=== EXERCISE DIRECTIONS ===
Write out, without any change, the lines in the material below that run from the line with "this 1344×1512 image." through the line with "this 1600×1200 image.", both included.

=== RECORDS FOR THIS TASK ===
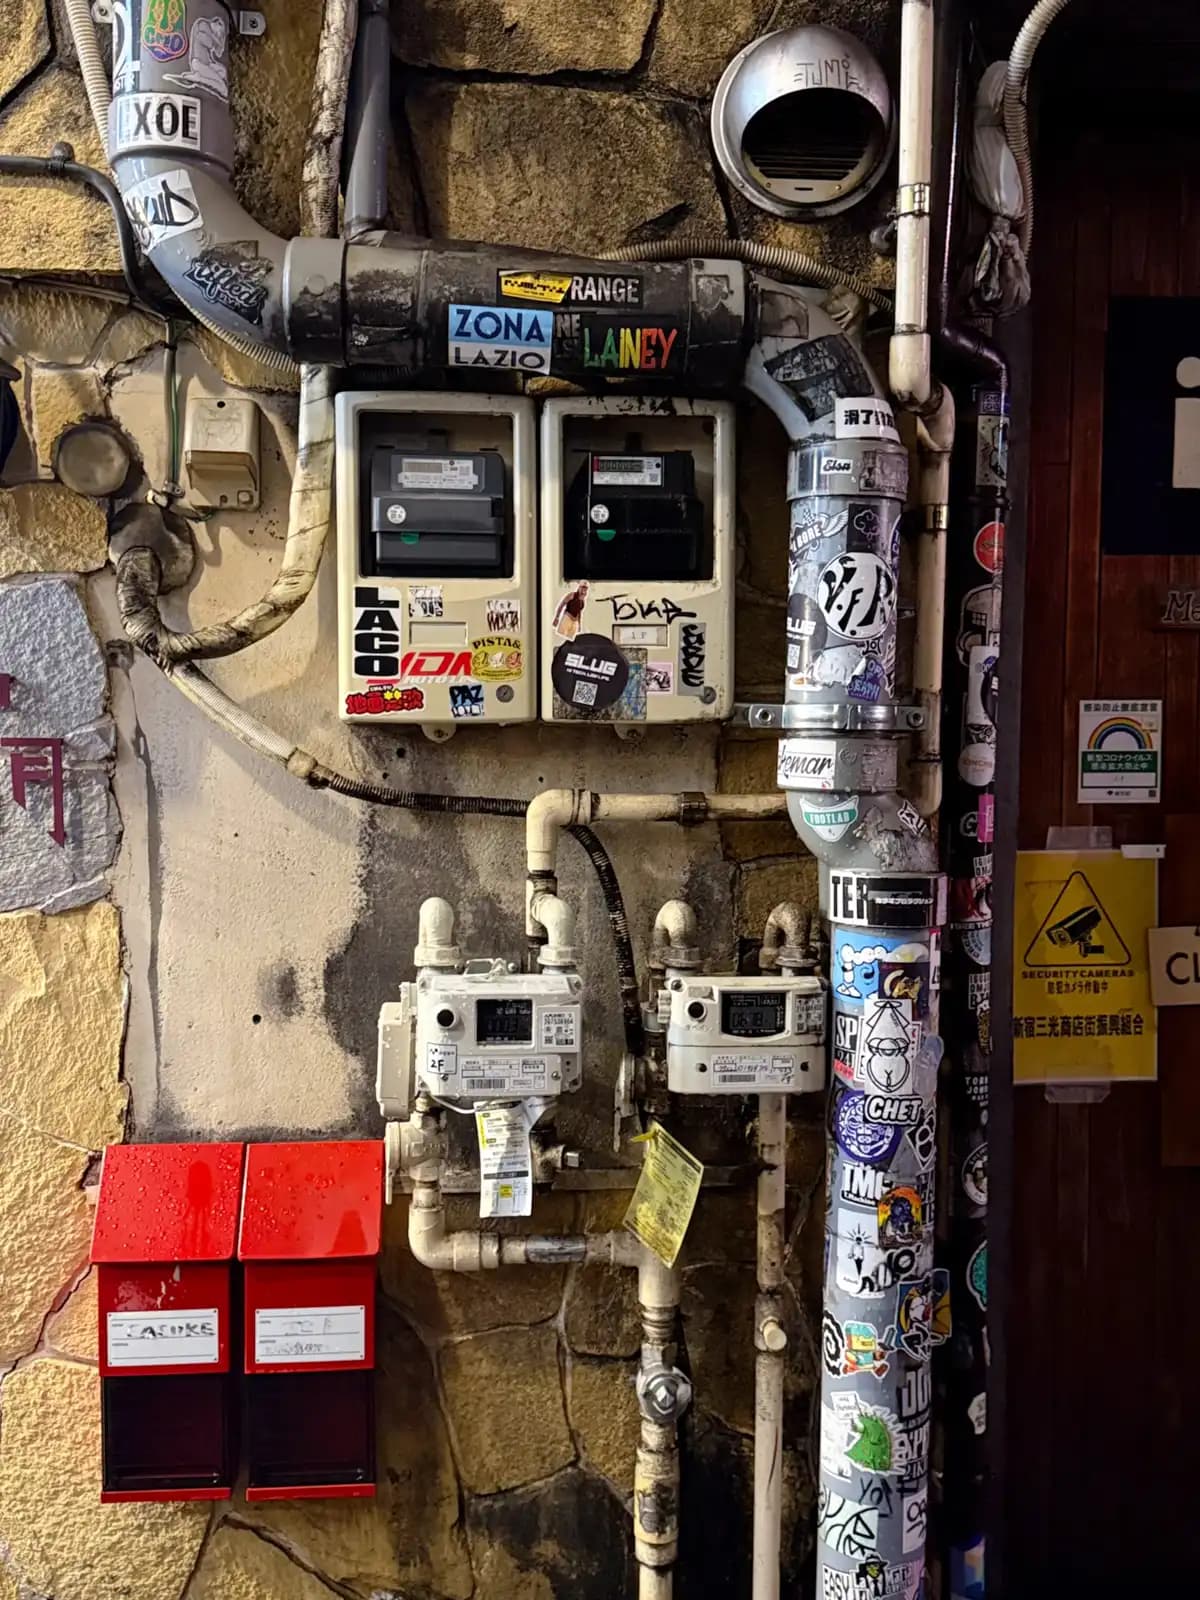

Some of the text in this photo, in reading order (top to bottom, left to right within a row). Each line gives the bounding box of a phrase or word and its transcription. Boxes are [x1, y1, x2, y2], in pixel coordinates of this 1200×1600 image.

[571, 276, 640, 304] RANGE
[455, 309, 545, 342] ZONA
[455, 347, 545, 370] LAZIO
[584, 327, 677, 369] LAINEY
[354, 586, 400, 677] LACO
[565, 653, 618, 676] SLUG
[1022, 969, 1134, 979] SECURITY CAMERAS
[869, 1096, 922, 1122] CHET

...

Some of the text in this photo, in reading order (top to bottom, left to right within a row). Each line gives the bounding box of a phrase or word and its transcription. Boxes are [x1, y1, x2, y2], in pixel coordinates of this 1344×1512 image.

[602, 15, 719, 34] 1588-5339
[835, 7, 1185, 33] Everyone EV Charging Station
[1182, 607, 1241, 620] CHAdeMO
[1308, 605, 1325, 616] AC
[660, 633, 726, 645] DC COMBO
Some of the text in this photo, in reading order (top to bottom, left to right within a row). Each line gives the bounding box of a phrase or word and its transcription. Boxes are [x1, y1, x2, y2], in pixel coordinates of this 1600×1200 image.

...

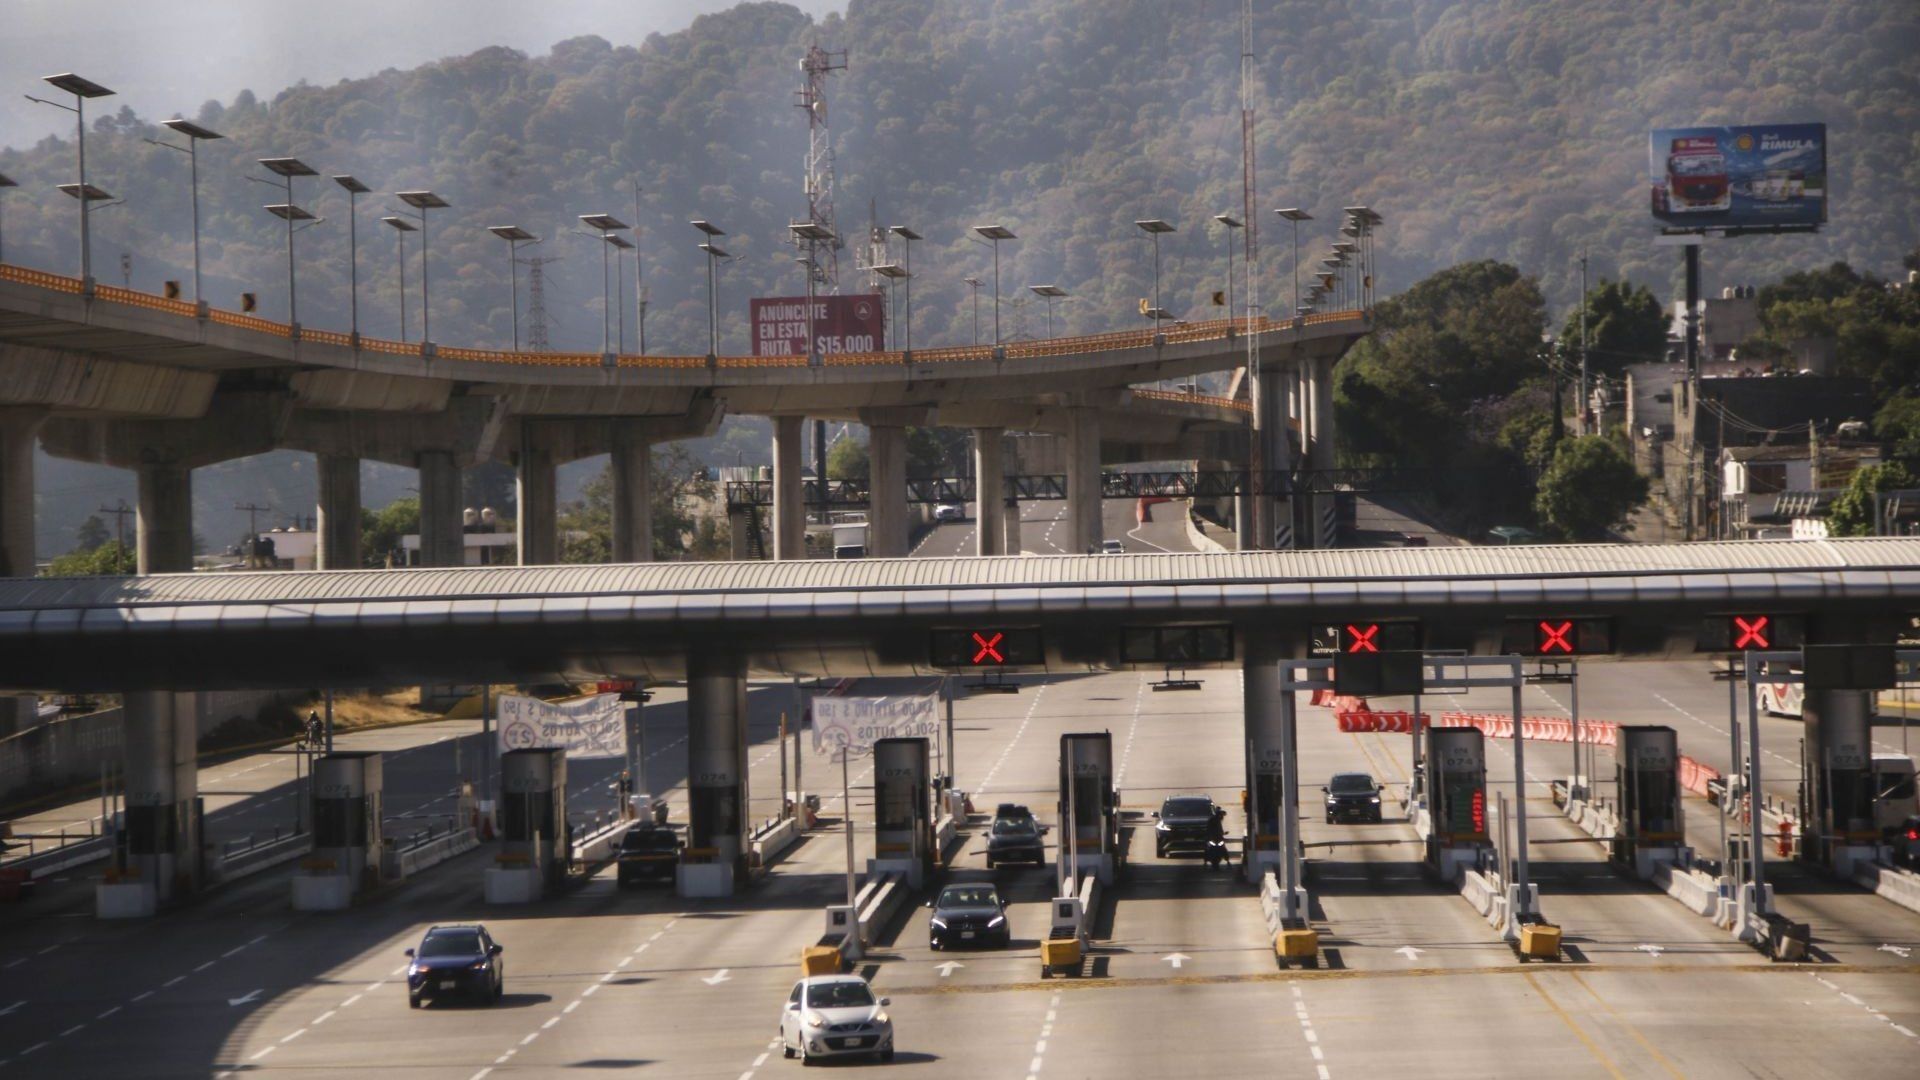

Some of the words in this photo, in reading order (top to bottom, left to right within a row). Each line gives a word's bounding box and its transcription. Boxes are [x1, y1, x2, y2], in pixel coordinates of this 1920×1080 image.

=== SOLUTION TO THIS PROBLEM ===
Some of the text in this photo, in reading order (top to bottom, left to right within a row). Each line gives the bounding box of a phrase or word and its transcription. Boxes are [x1, y1, x2, y2], in pixel coordinates of this 1344×1512 image.

[602, 15, 719, 34] 1588-5339
[835, 7, 1185, 33] Everyone EV Charging Station
[1182, 607, 1241, 620] CHAdeMO
[1308, 605, 1325, 616] AC
[660, 633, 726, 645] DC COMBO
Some of the text in this photo, in reading order (top to bottom, left to right within a row). Each line gives the bounding box of a phrase or word and its transcription. Boxes are [x1, y1, x2, y2], in pixel coordinates of this 1600×1200 image.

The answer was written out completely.